### EXERCISE INPUT
******

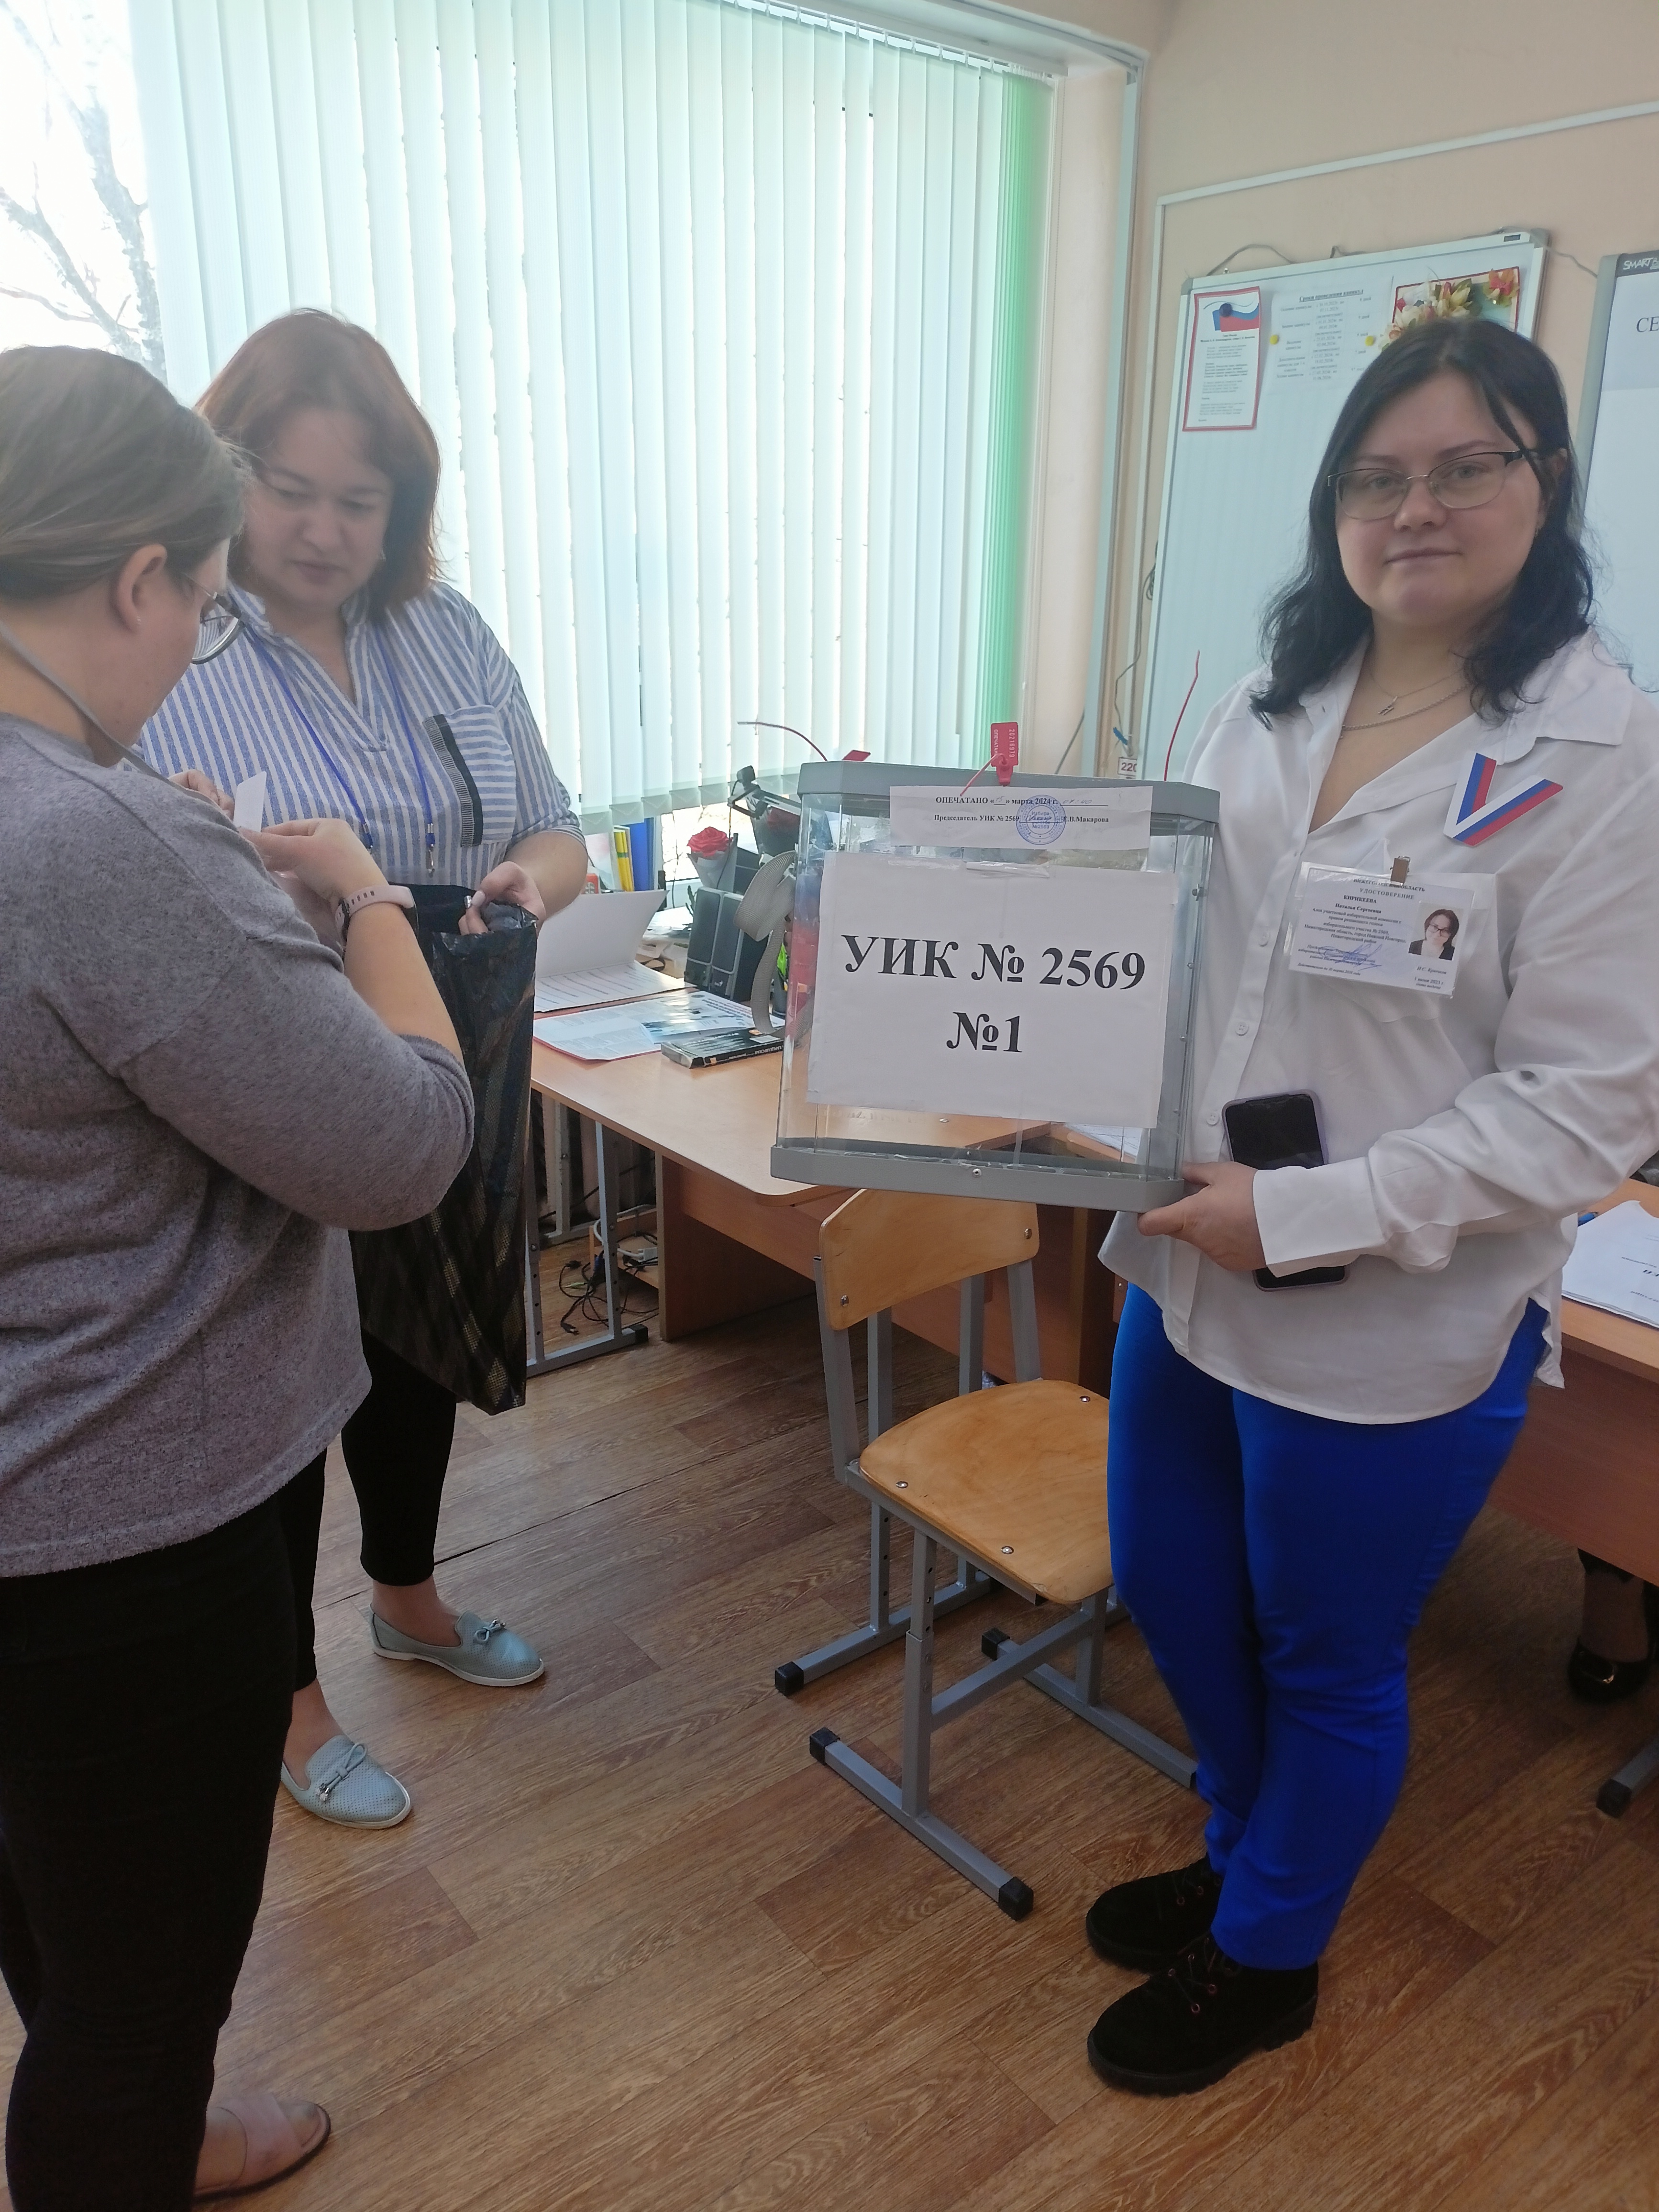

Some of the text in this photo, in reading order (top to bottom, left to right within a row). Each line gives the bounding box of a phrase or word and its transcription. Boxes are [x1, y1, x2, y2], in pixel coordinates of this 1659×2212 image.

[1623, 257, 1653, 270] SMART
[1343, 895, 1376, 903] КИРИКЕЕВА
[1360, 888, 1415, 899] УДОСТОВЕРЕНИЕ
[841, 935, 1146, 989] УИК № 2569
[946, 1012, 1023, 1053] №1

******

### BRIEF
Wherever a picture appears in the listing above, drop it, and restate the rest exactly.

### RESPONSE
Some of the text in this photo, in reading order (top to bottom, left to right within a row). Each line gives the bounding box of a phrase or word and its transcription. Boxes are [x1, y1, x2, y2], in pixel coordinates of this 1659×2212 image.

[1623, 257, 1653, 270] SMART
[1343, 895, 1376, 903] КИРИКЕЕВА
[1360, 888, 1415, 899] УДОСТОВЕРЕНИЕ
[841, 935, 1146, 989] УИК № 2569
[946, 1012, 1023, 1053] №1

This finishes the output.